-- Opening Marker --

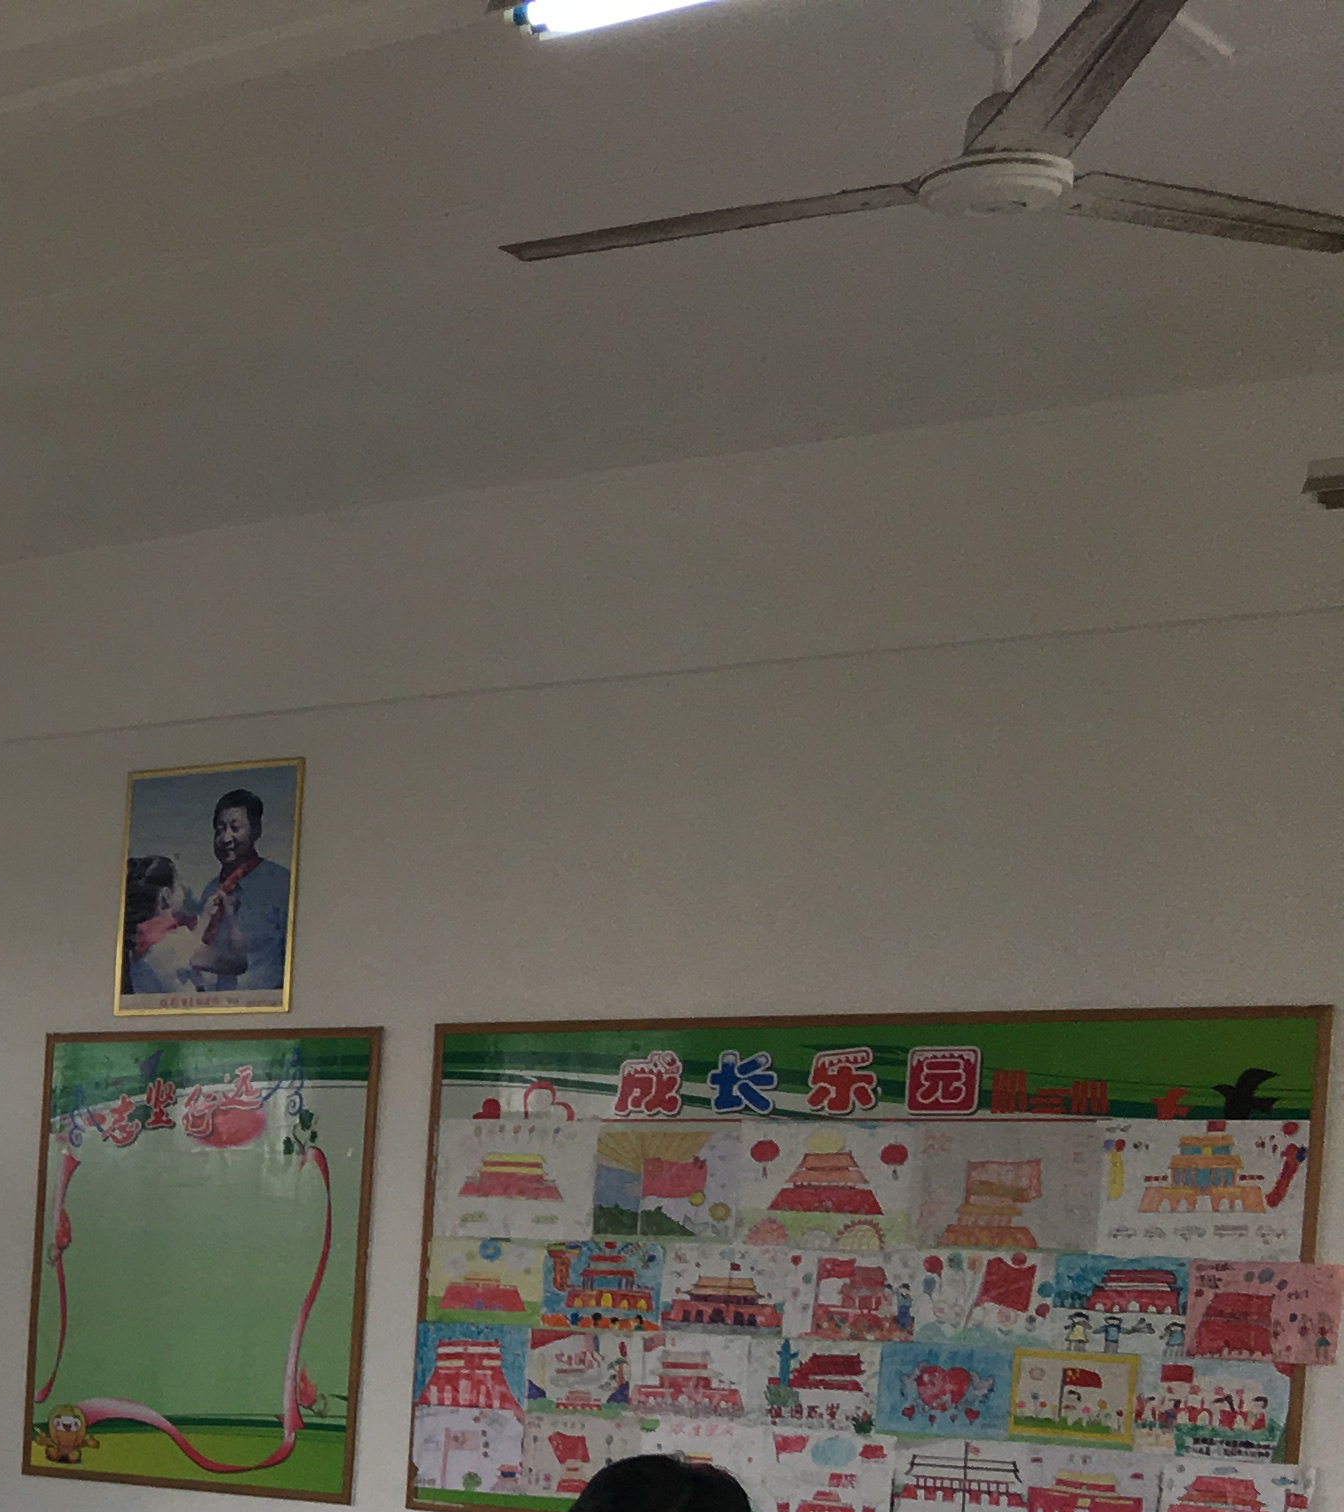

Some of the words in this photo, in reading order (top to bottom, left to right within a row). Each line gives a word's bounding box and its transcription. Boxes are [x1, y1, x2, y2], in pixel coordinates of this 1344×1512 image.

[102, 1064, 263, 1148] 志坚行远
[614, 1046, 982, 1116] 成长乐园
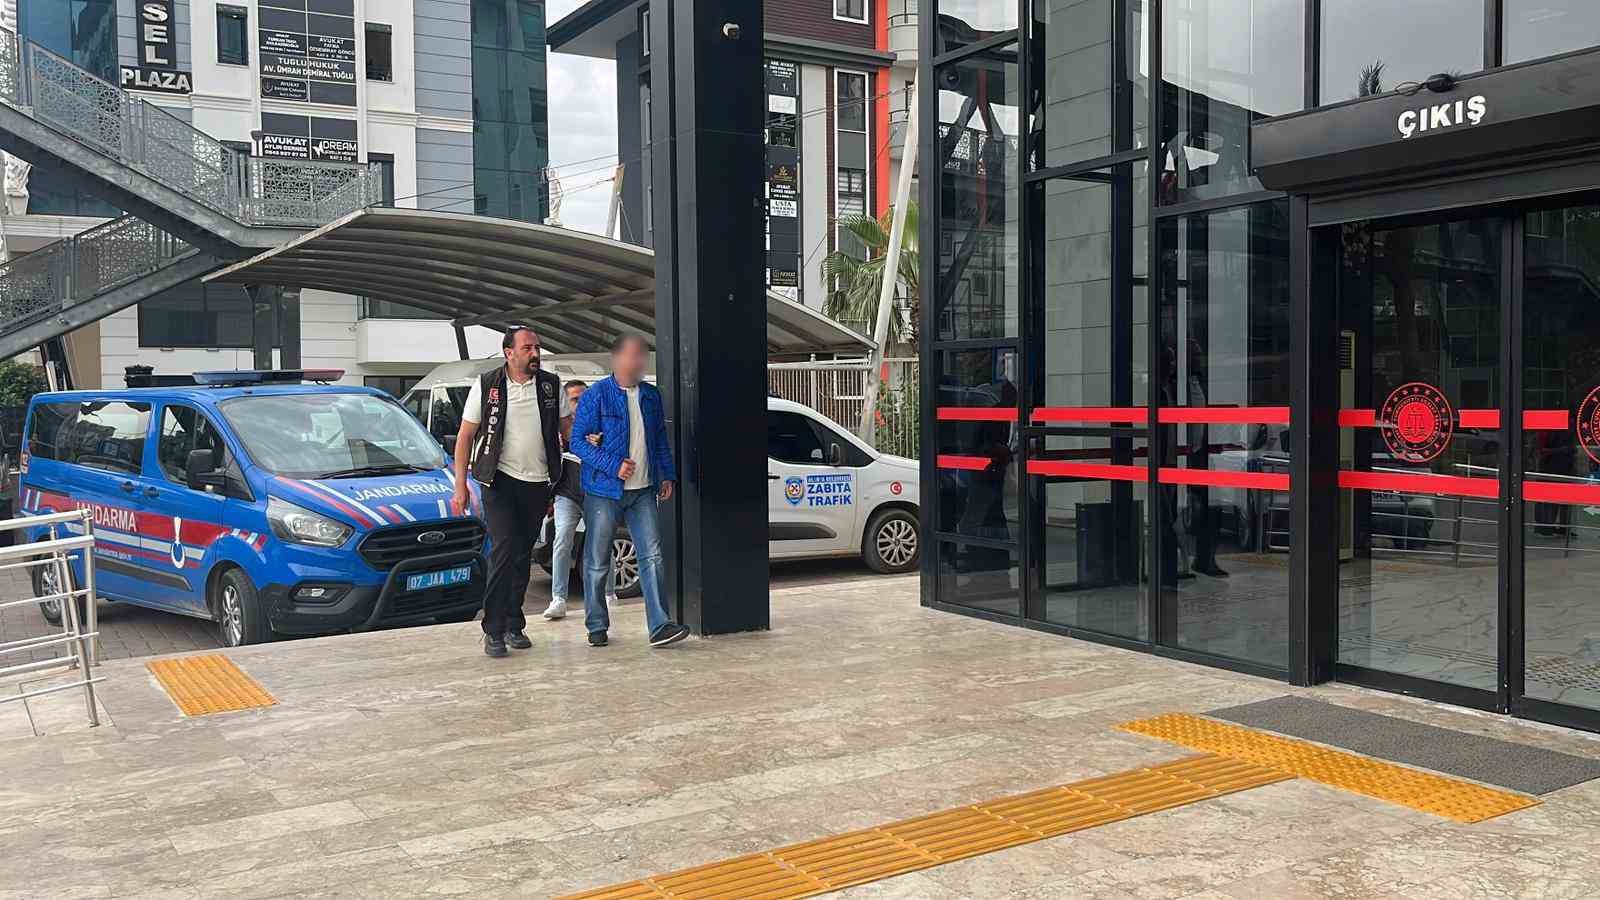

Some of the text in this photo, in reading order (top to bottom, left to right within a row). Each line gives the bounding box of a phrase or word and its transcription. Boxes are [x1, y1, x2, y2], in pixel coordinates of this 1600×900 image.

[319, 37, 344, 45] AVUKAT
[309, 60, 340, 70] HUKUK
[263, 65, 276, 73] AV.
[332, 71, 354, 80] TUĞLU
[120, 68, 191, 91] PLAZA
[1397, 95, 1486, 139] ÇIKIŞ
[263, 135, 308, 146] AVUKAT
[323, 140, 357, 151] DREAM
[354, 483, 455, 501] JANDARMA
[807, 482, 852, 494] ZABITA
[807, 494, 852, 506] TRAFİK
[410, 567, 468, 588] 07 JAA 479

-- Closing Marker --

Exercise description: Reproduce the listing verbatim, pictures excluded.

Output of the task:
Some of the words in this photo, in reading order (top to bottom, left to right within a row). Each line gives a word's bounding box and its transcription. Boxes are [x1, y1, x2, y2], in pixel coordinates of this 1344×1512 image.

[102, 1064, 263, 1148] 志坚行远
[614, 1046, 982, 1116] 成长乐园

Some of the text in this photo, in reading order (top to bottom, left to right within a row). Each line gives the bounding box of a phrase or word and its transcription. Boxes are [x1, y1, x2, y2], in pixel coordinates of this 1600×900 image.

[319, 37, 344, 45] AVUKAT
[309, 60, 340, 70] HUKUK
[263, 65, 276, 73] AV.
[332, 71, 354, 80] TUĞLU
[120, 68, 191, 91] PLAZA
[1397, 95, 1486, 139] ÇIKIŞ
[263, 135, 308, 146] AVUKAT
[323, 140, 357, 151] DREAM
[354, 483, 455, 501] JANDARMA
[807, 482, 852, 494] ZABITA
[807, 494, 852, 506] TRAFİK
[410, 567, 468, 588] 07 JAA 479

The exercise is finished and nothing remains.